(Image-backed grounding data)
┏━━

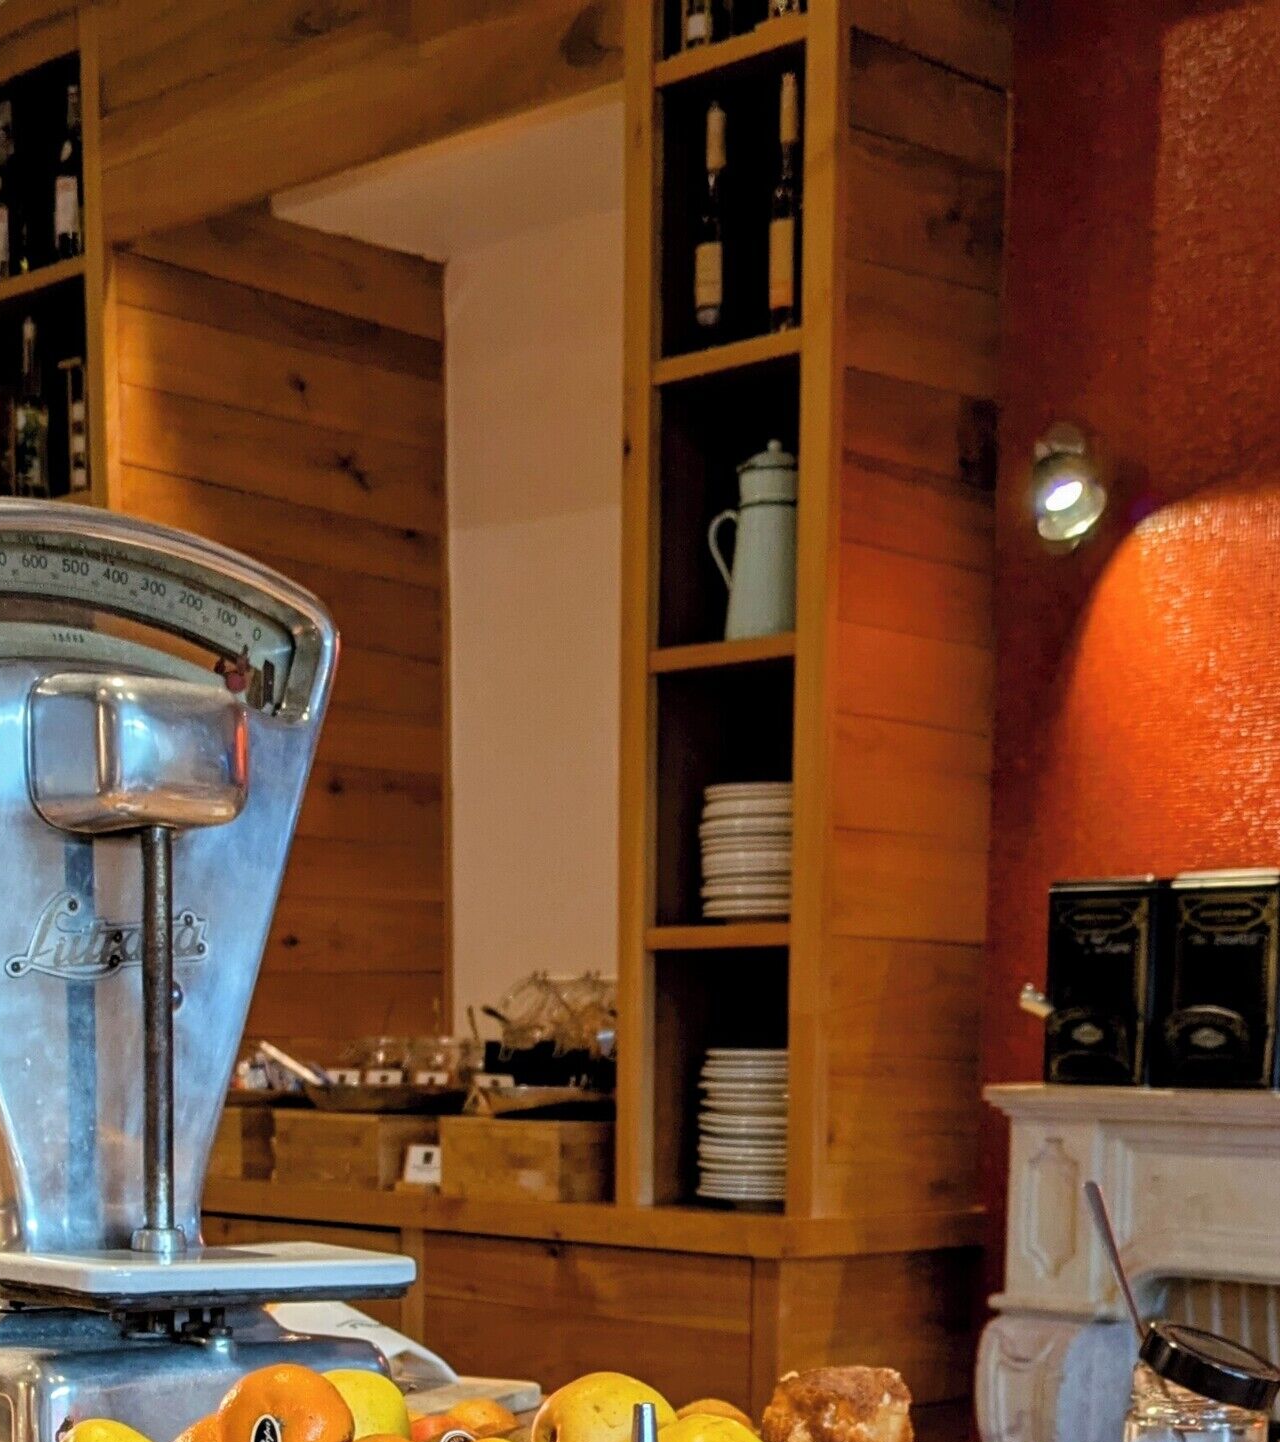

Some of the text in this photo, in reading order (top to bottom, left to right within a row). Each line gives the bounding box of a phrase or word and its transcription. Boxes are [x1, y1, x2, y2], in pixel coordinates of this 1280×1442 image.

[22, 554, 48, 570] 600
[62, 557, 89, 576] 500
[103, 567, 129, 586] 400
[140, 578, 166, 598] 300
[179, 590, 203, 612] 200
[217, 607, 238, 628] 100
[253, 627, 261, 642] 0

┗━━

Above are the records; print them all exactly and keep the pictures out.

Some of the text in this photo, in reading order (top to bottom, left to right within a row). Each line gives the bounding box of a phrase or word and its transcription. Boxes are [x1, y1, x2, y2], in pixel coordinates of this 1280×1442 image.

[22, 554, 48, 570] 600
[62, 557, 89, 576] 500
[103, 567, 129, 586] 400
[140, 578, 166, 598] 300
[179, 590, 203, 612] 200
[217, 607, 238, 628] 100
[253, 627, 261, 642] 0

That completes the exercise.